Jadis était l’Euroviisut, une petite sélection nationale d’un classicisme confinant à l’académisme. Durant cinquante ans, l’Euroviisut servit à déterminer le représentant finlandais à l’Eurovision, avec des résultats à tout du moins contrastés : une victoire, une seule, mais neuf dernières places (dont trois « nul point »). Il apparut aux responsables de la télévision publique finlandaise que le concept avait fait son temps et qu’il était temps de renouveler leur approche. Ils créèrent ainsi le très innovant mais ardu à prononcer Uuden Musiikin Kilpailu (Concours de Musique Nouvelle). Sa première édition, en 2012, tint hélas plus de la catastrophe industrielle que du divertissement musical. Les concepteurs naviguèrent à vue, changeant le règlement quasiment chaque semaine, au grand dam des fans, complètement perdus dans le brouillard, et des téléspectateurs finlandais, qui inondèrent de plaintes les boîtes postales et numériques de l’YLE. L’étonnement fut général lorsque Pernilla Karlsson remporta la finale.
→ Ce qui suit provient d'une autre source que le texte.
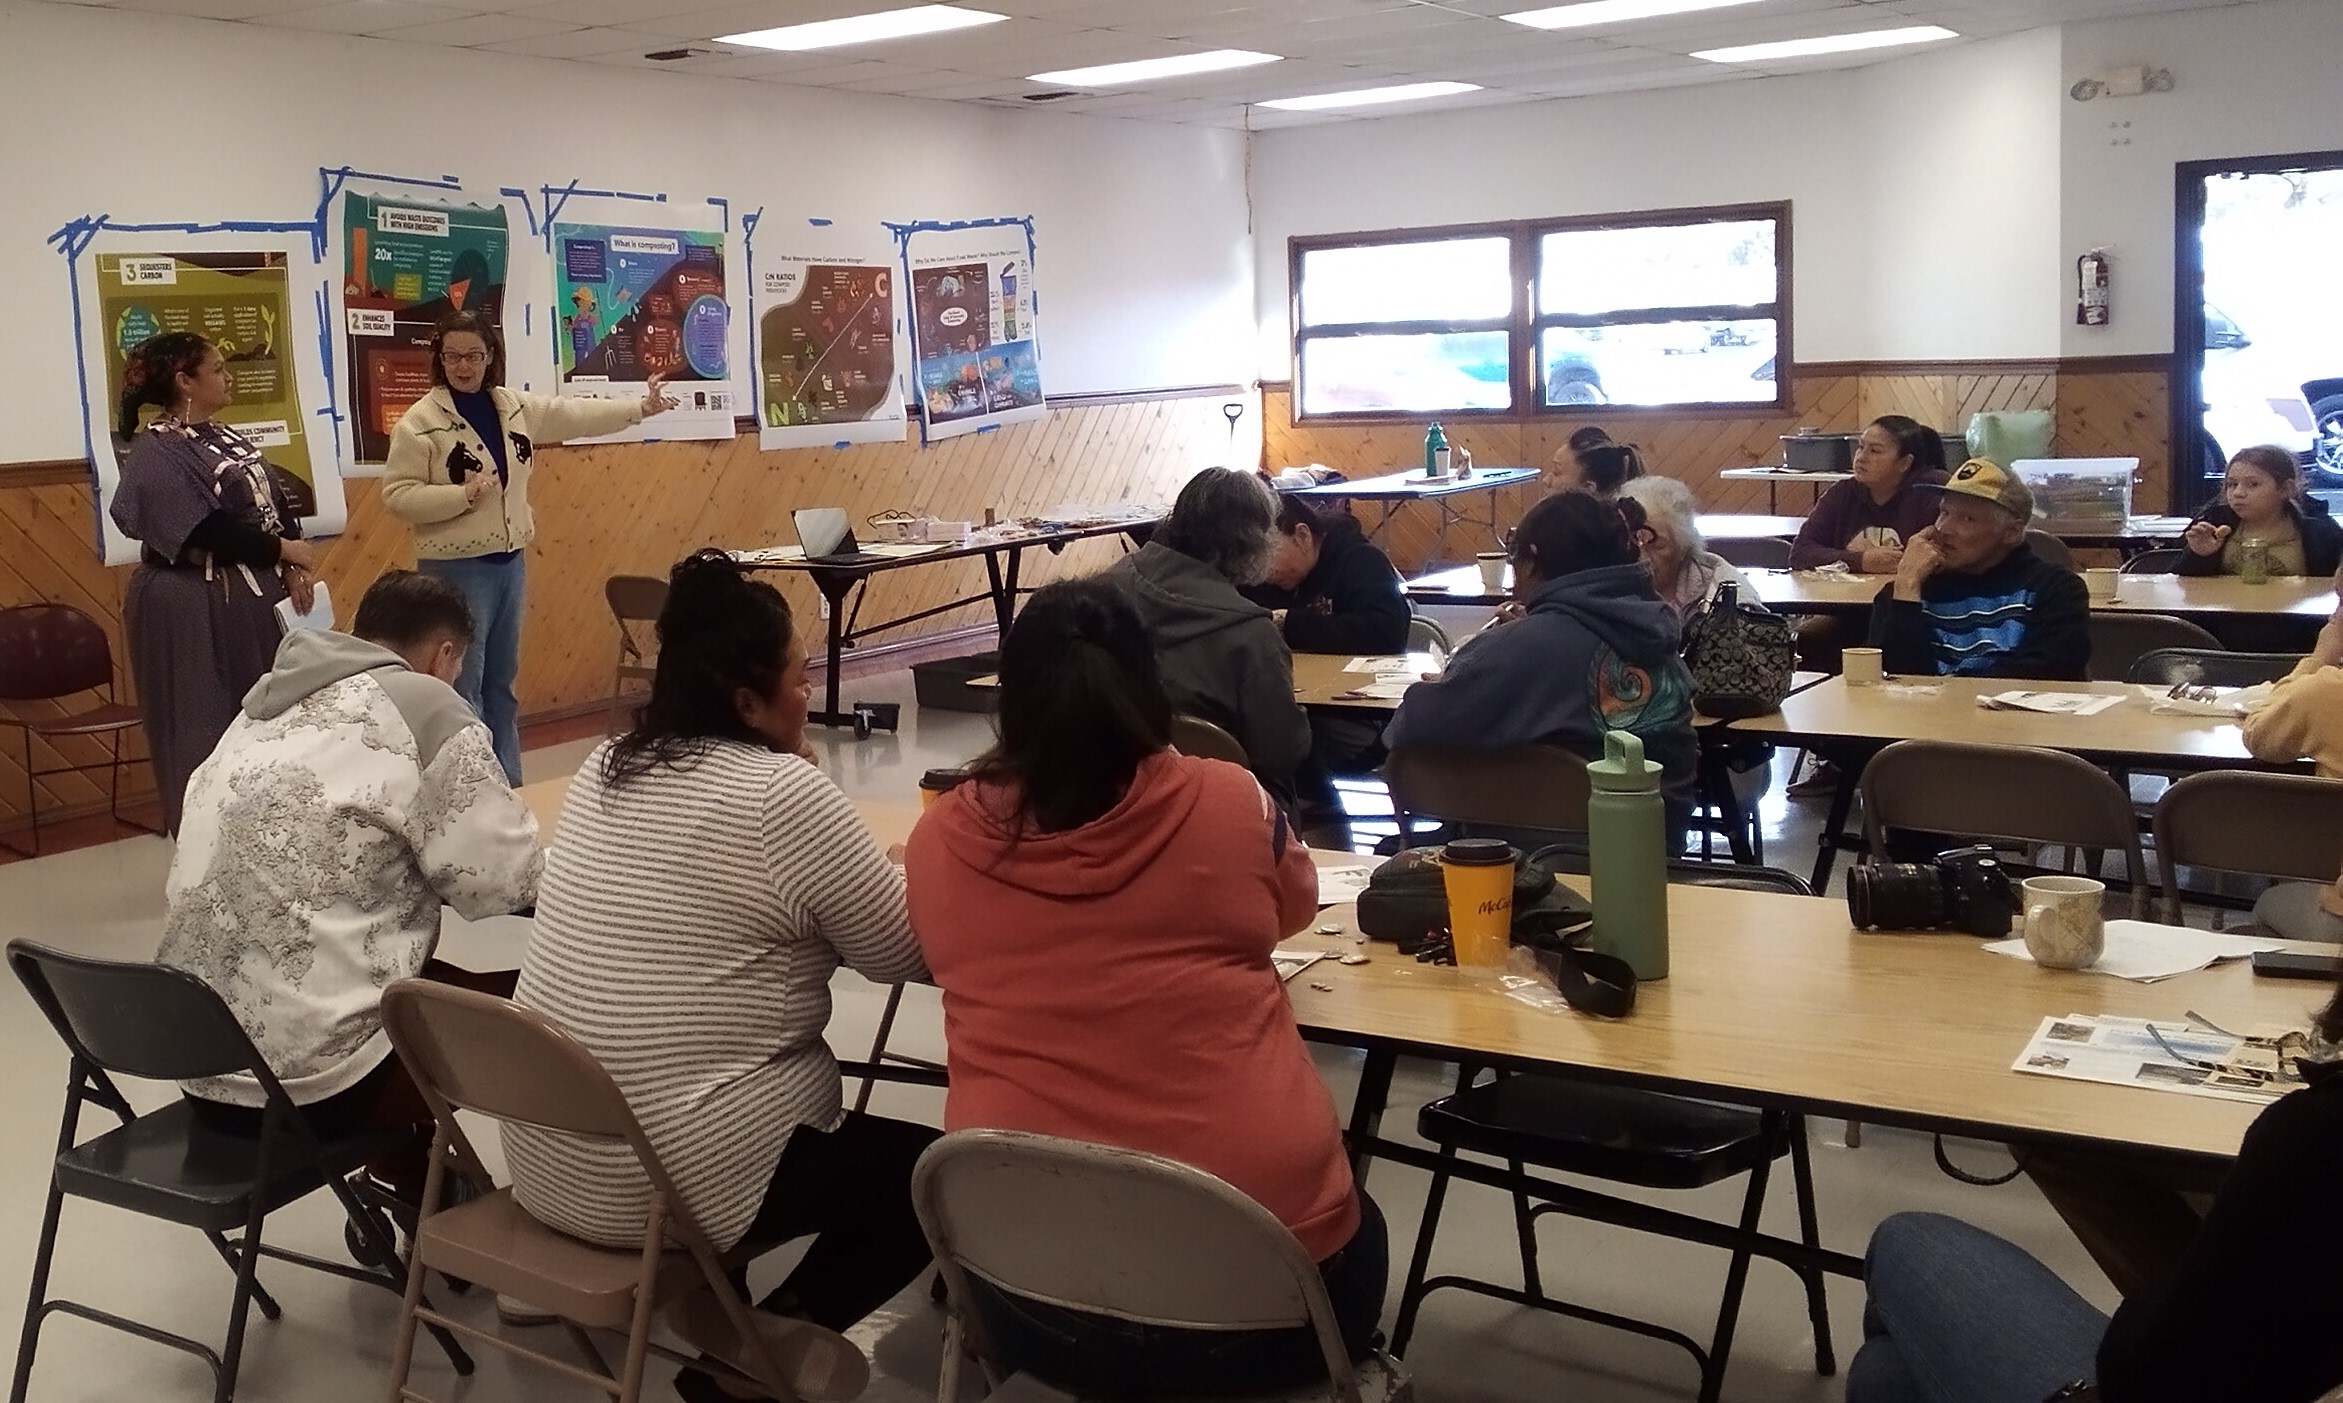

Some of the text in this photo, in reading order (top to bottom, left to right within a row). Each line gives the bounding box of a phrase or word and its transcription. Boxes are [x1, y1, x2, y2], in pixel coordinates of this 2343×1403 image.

Son élimination à la demi-finale du Concours ne fit que renforcer les suspicions et les doutes à propos de l’UMK. Pourtant, son postulat de base demeurait génial : découvrir les talents finlandais de demain. Dès 2013, le concept, revu et corrigé, porta ses fruits : les fans louèrent l’excellence musicale retrouvée et se passionnèrent pour la compétition. Enfin, ils bénéficiaient d’une sélection avec des artistes jeunes, talentueux, nouveaux, prometteurs, portant tous des chansons liées à leur univers propre, chansons fraiches, inédites, susceptibles de conquérir les classements européens. La messe était dite : l’UMK était devenu LA référence, LE modèle à suivre, surpassant même l’Eesti Laul en la matière. Certes, les étapes de sélection laissent encore un peu dubitatif, néanmoins imaginez pareil concept étendu à l’ensemble des télédiffuseurs francophones…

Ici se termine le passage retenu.